REQUIREMENT:
Pull every line that includes the word "FREEMAN" from the data.

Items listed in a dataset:
........
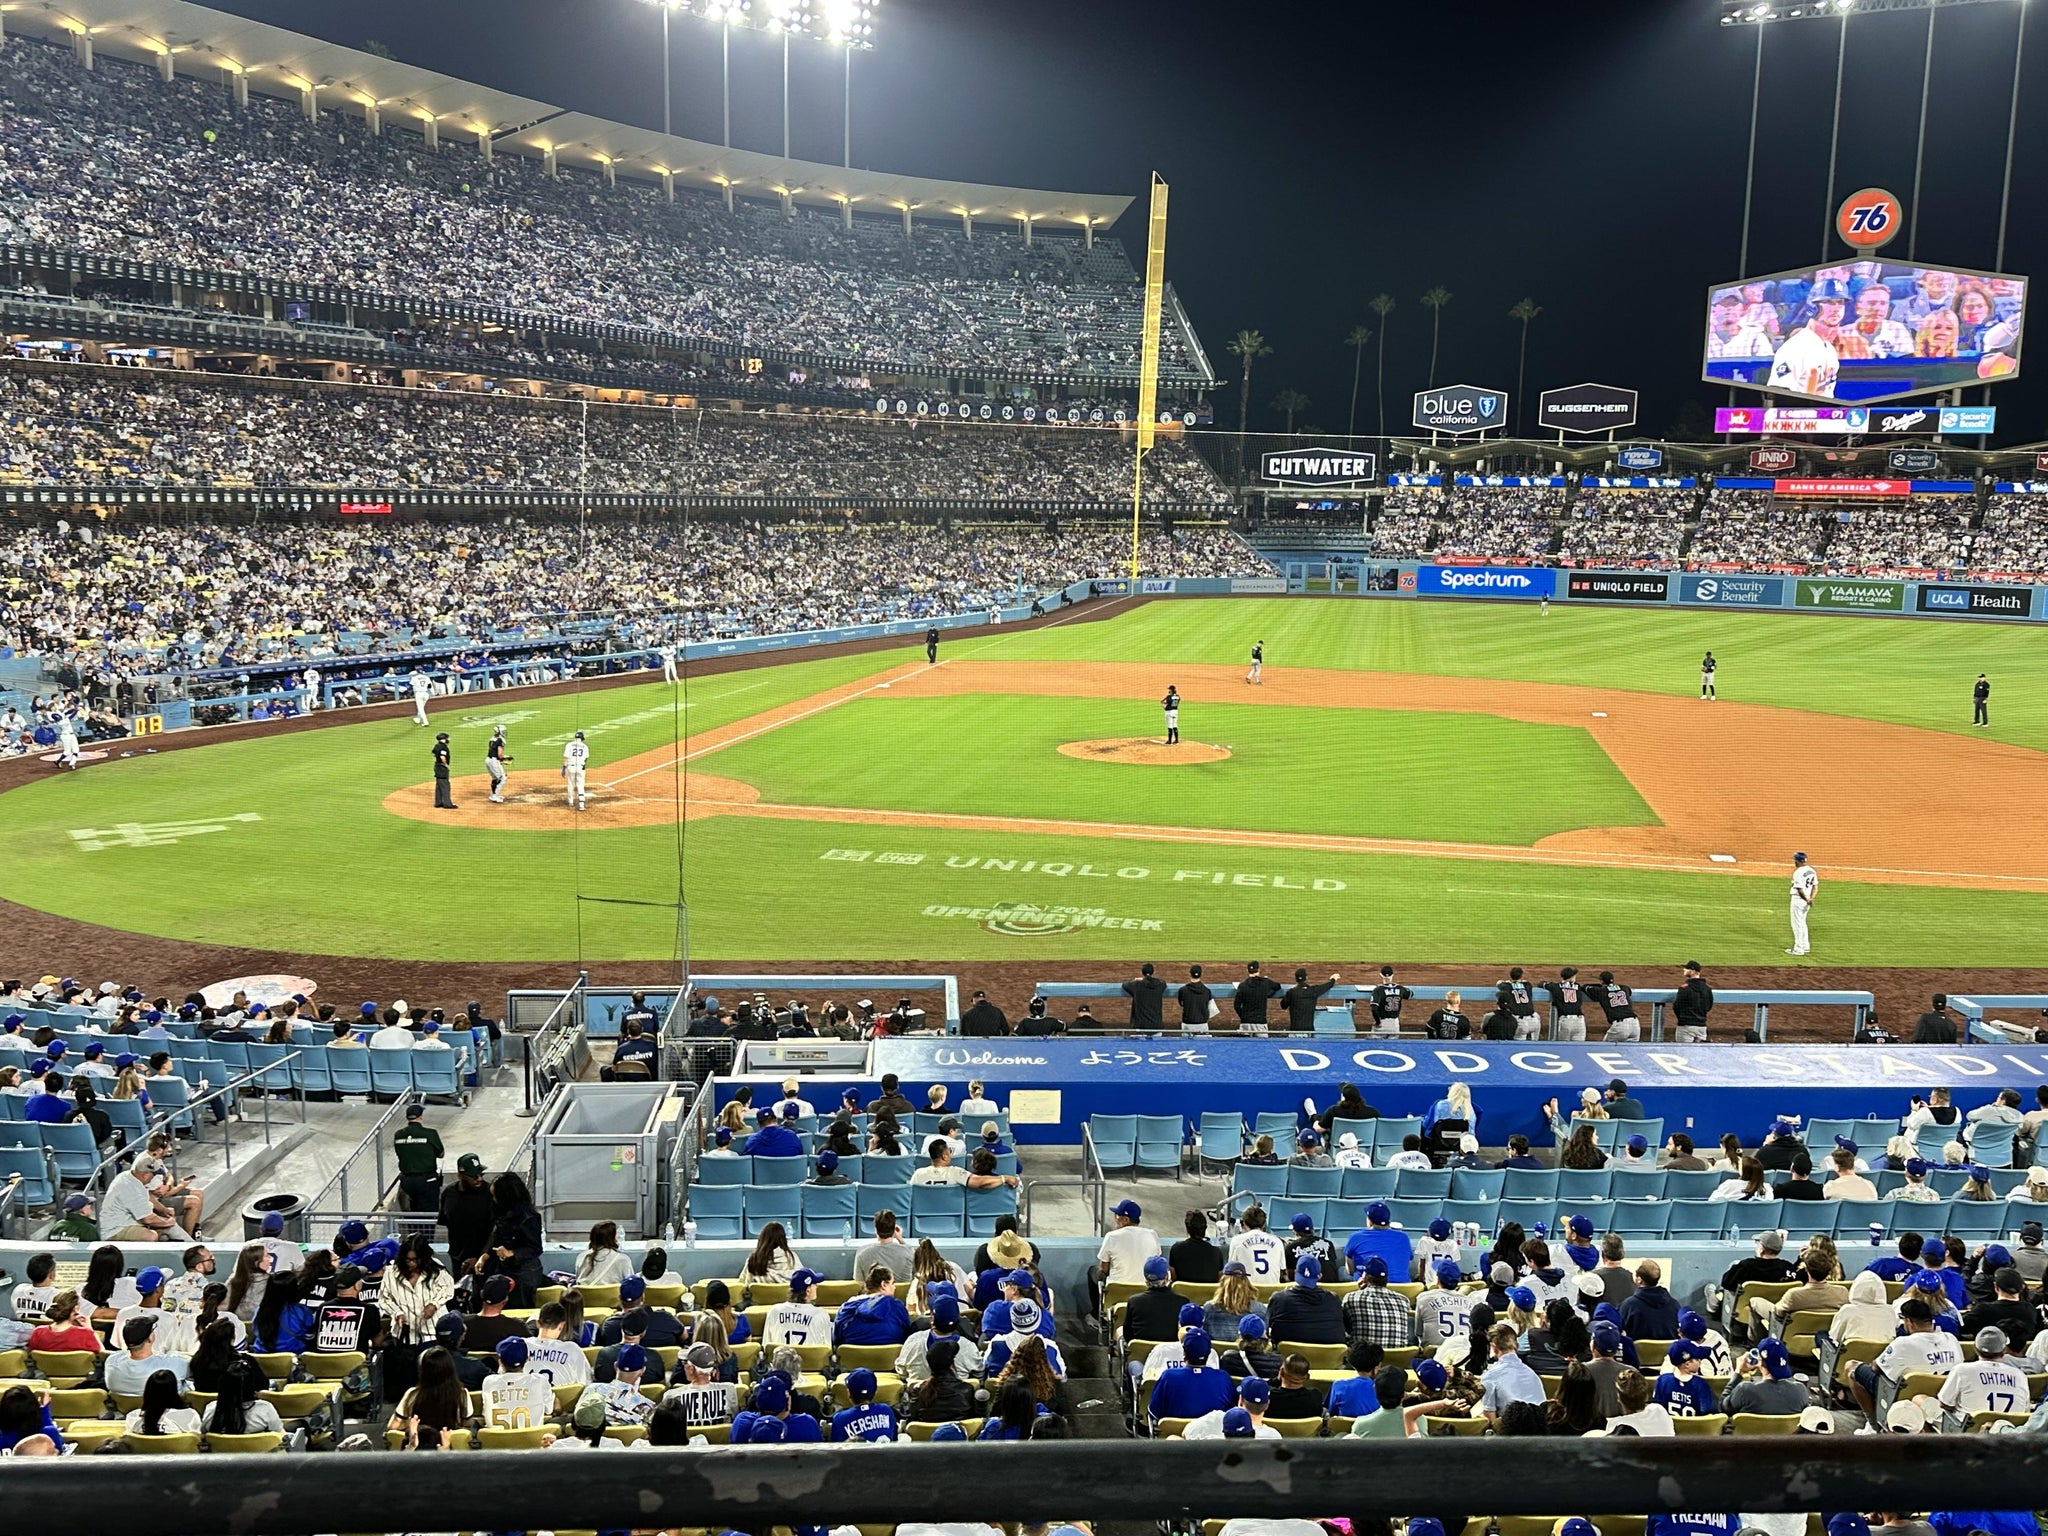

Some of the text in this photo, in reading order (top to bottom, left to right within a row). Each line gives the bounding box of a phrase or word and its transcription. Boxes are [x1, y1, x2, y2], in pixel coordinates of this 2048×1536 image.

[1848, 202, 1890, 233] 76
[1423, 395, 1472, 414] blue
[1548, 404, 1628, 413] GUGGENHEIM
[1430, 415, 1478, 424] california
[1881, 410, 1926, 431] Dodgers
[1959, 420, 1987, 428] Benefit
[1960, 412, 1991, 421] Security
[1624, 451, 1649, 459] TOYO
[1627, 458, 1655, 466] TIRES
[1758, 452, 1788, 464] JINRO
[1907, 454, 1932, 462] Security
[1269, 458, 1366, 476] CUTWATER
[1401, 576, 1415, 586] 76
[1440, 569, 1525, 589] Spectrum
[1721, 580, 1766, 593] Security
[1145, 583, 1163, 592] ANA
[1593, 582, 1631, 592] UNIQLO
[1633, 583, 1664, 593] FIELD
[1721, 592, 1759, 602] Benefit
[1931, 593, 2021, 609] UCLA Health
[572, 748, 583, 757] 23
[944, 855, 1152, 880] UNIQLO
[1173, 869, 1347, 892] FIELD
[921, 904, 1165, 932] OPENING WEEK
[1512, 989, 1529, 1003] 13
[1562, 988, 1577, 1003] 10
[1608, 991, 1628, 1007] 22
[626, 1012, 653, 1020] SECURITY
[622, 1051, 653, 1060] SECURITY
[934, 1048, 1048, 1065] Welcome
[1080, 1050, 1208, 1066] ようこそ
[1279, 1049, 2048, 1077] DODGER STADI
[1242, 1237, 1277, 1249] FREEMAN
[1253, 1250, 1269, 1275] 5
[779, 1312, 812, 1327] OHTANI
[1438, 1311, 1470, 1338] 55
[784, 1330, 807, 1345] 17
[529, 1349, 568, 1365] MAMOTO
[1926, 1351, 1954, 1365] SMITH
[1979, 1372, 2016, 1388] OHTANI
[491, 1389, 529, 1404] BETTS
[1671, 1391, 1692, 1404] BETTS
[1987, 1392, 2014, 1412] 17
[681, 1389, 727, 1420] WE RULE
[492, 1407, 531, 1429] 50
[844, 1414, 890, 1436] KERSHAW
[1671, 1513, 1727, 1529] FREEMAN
........
EXERCISE RESULT:
[1242, 1237, 1277, 1249] FREEMAN
[1671, 1513, 1727, 1529] FREEMAN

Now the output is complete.